━━━ Supplied material ━━━

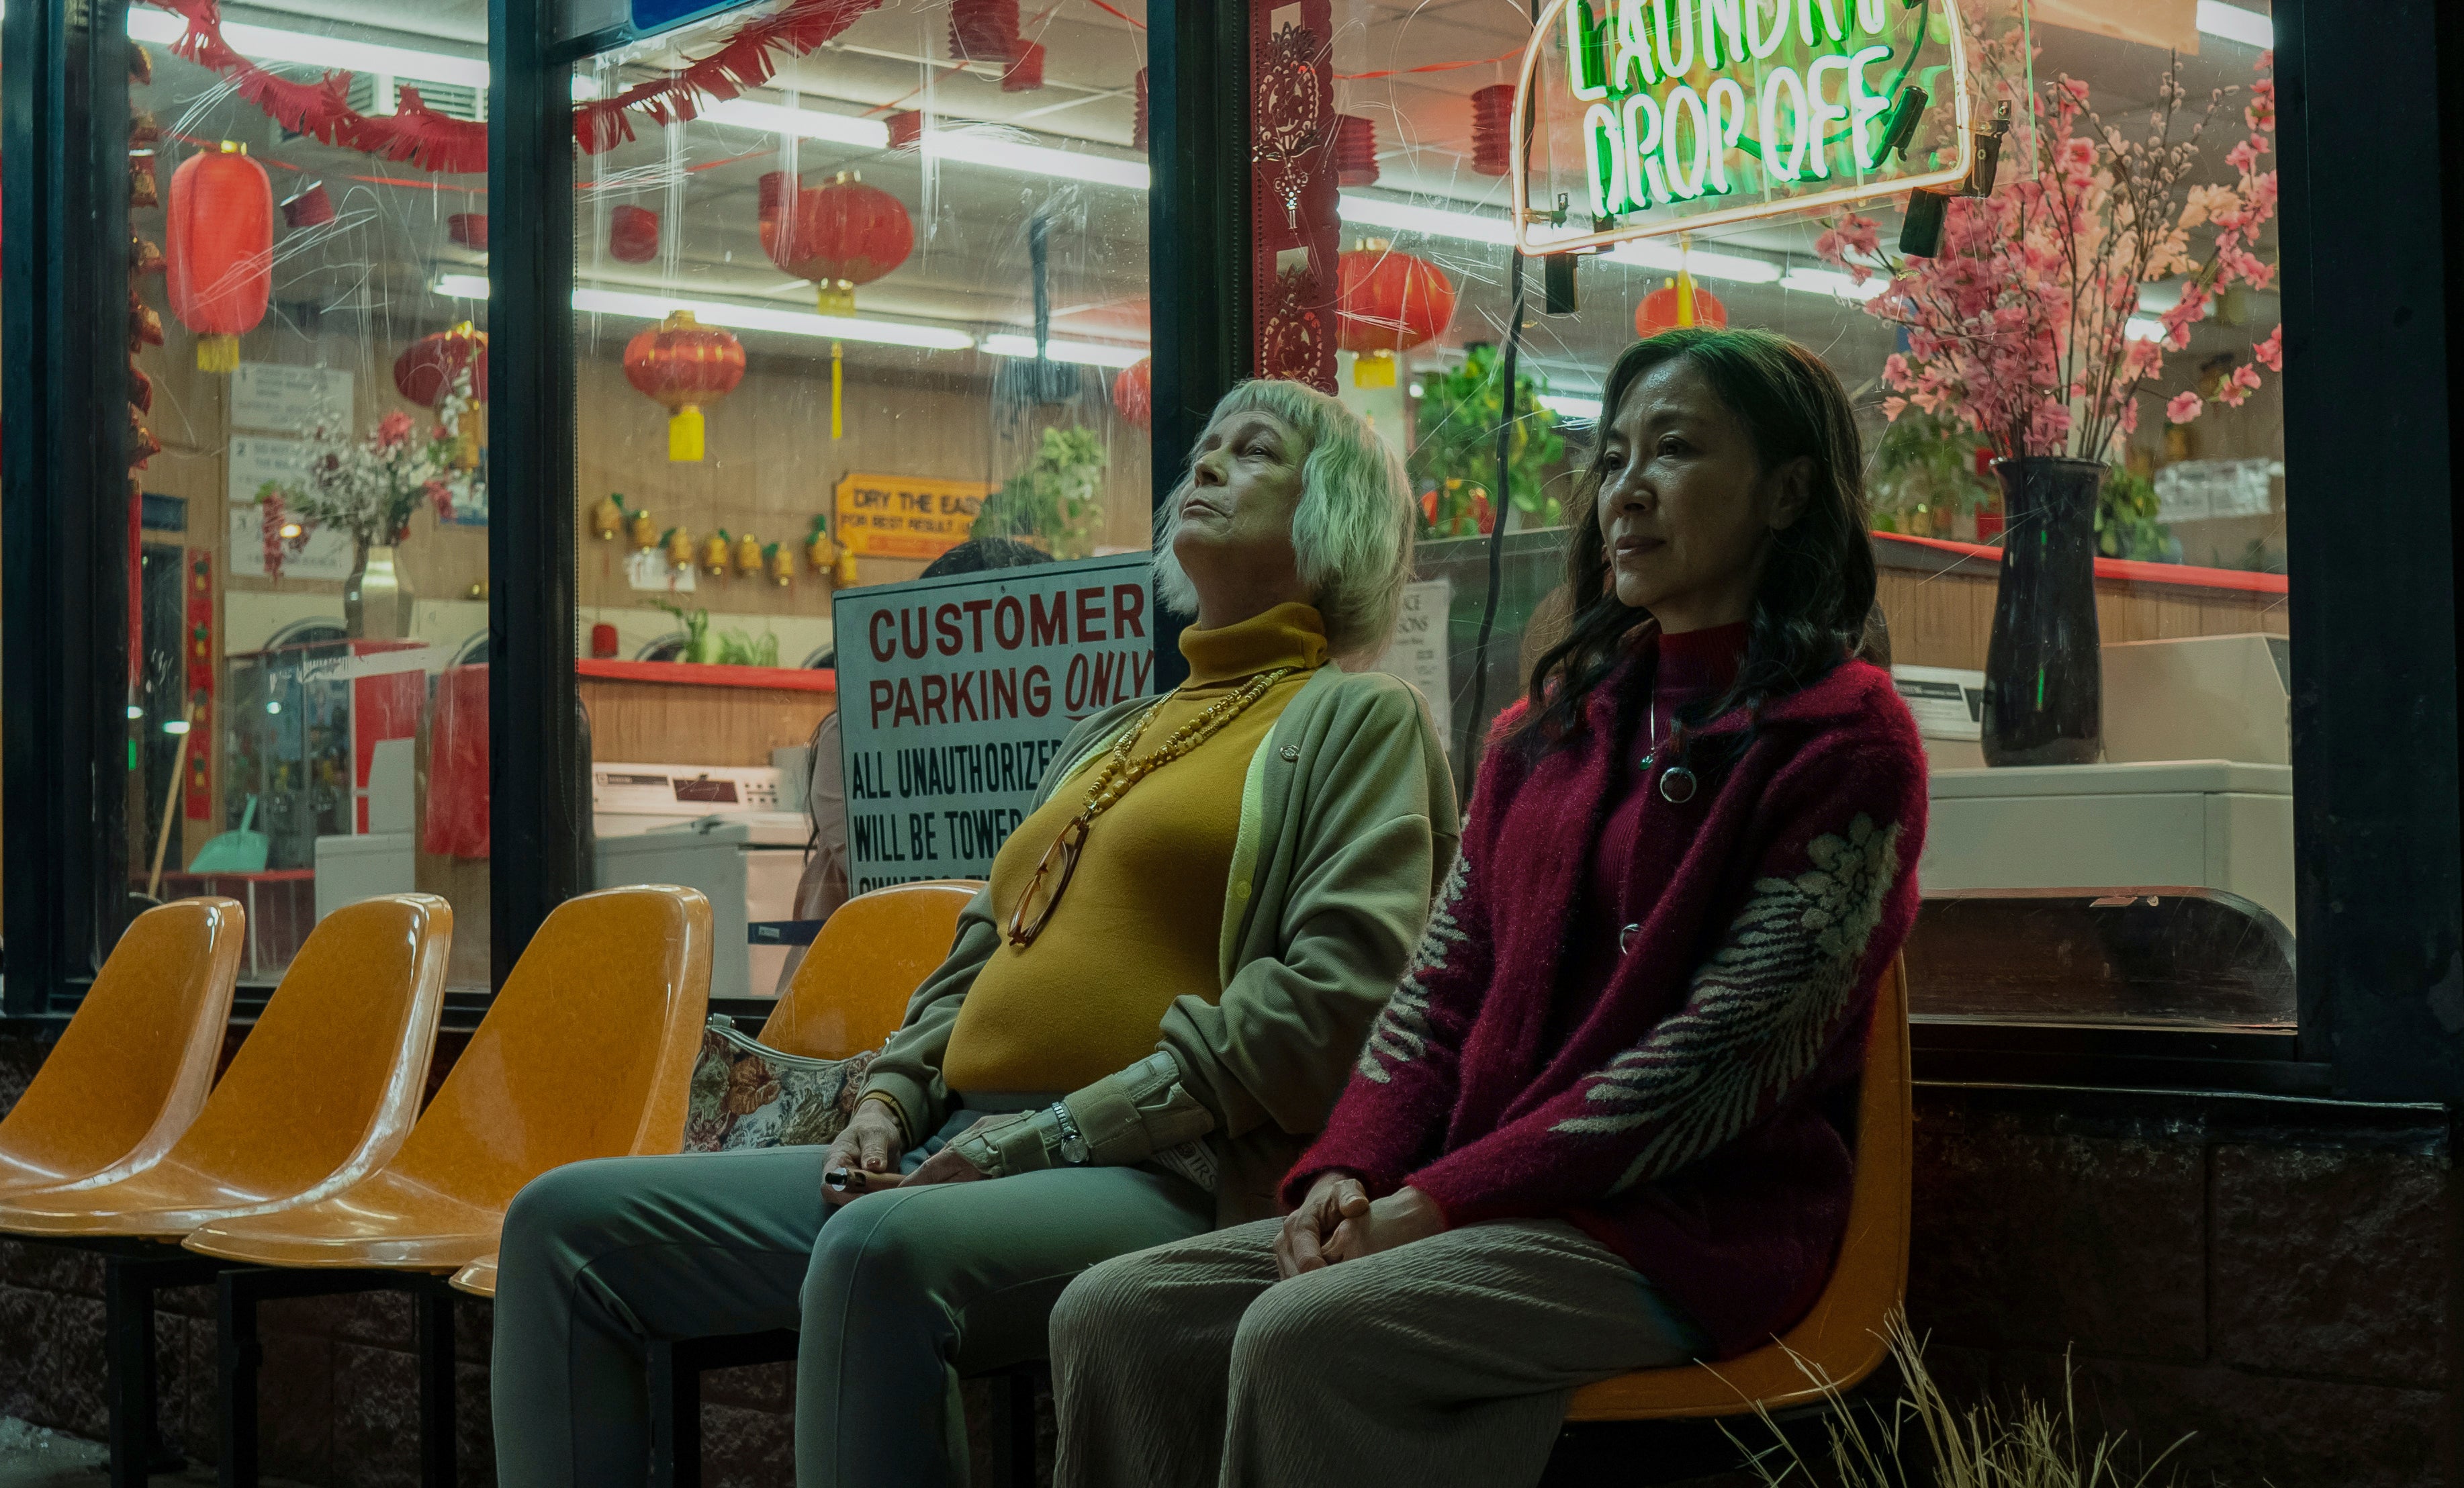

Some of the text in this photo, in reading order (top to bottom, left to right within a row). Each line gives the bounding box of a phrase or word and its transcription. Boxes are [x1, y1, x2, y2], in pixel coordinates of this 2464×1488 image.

[1583, 45, 1894, 218] DROP OFF
[854, 488, 891, 508] DRY
[898, 491, 933, 514] THE
[869, 584, 1146, 663] CUSTOMER
[870, 649, 1154, 729] PARKING ONLY
[852, 751, 891, 800] ALL
[853, 813, 905, 862] WILL
[910, 811, 938, 862] BE
[1189, 1157, 1217, 1189] IRS
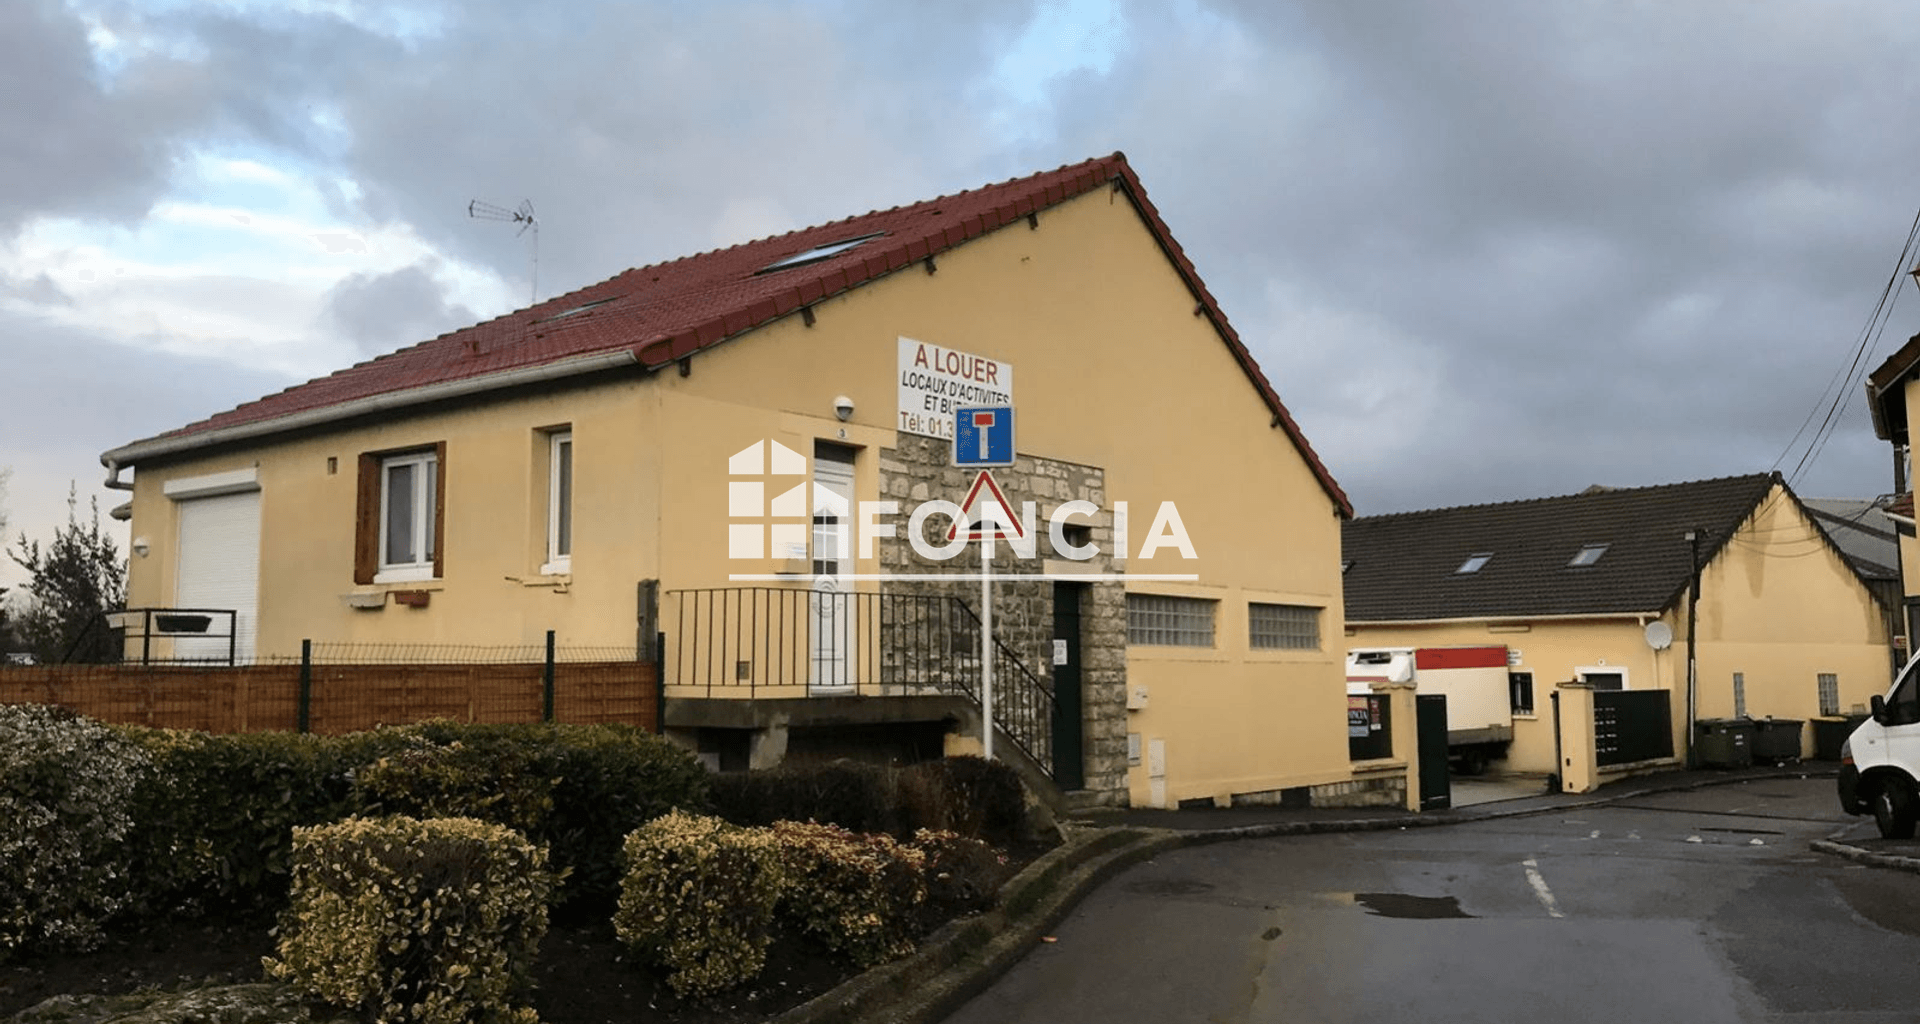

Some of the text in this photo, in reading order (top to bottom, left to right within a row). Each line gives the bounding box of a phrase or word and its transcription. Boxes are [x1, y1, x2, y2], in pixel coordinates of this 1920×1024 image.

[915, 344, 998, 386] A LOUER
[902, 369, 947, 396] LOCAUX
[924, 394, 939, 411] ET

━━━

### Problem
An exact copy of each entry is required, minus the pictures.

### Answer section
Some of the text in this photo, in reading order (top to bottom, left to right within a row). Each line gives the bounding box of a phrase or word and its transcription. Boxes are [x1, y1, x2, y2], in pixel coordinates of this 2464×1488 image.

[1583, 45, 1894, 218] DROP OFF
[854, 488, 891, 508] DRY
[898, 491, 933, 514] THE
[869, 584, 1146, 663] CUSTOMER
[870, 649, 1154, 729] PARKING ONLY
[852, 751, 891, 800] ALL
[853, 813, 905, 862] WILL
[910, 811, 938, 862] BE
[1189, 1157, 1217, 1189] IRS

Some of the text in this photo, in reading order (top to bottom, left to right within a row). Each line gives the bounding box of a phrase or word and its transcription. Boxes are [x1, y1, x2, y2], in pixel coordinates of this 1920×1024 image.

[915, 344, 998, 386] A LOUER
[902, 369, 947, 396] LOCAUX
[924, 394, 939, 411] ET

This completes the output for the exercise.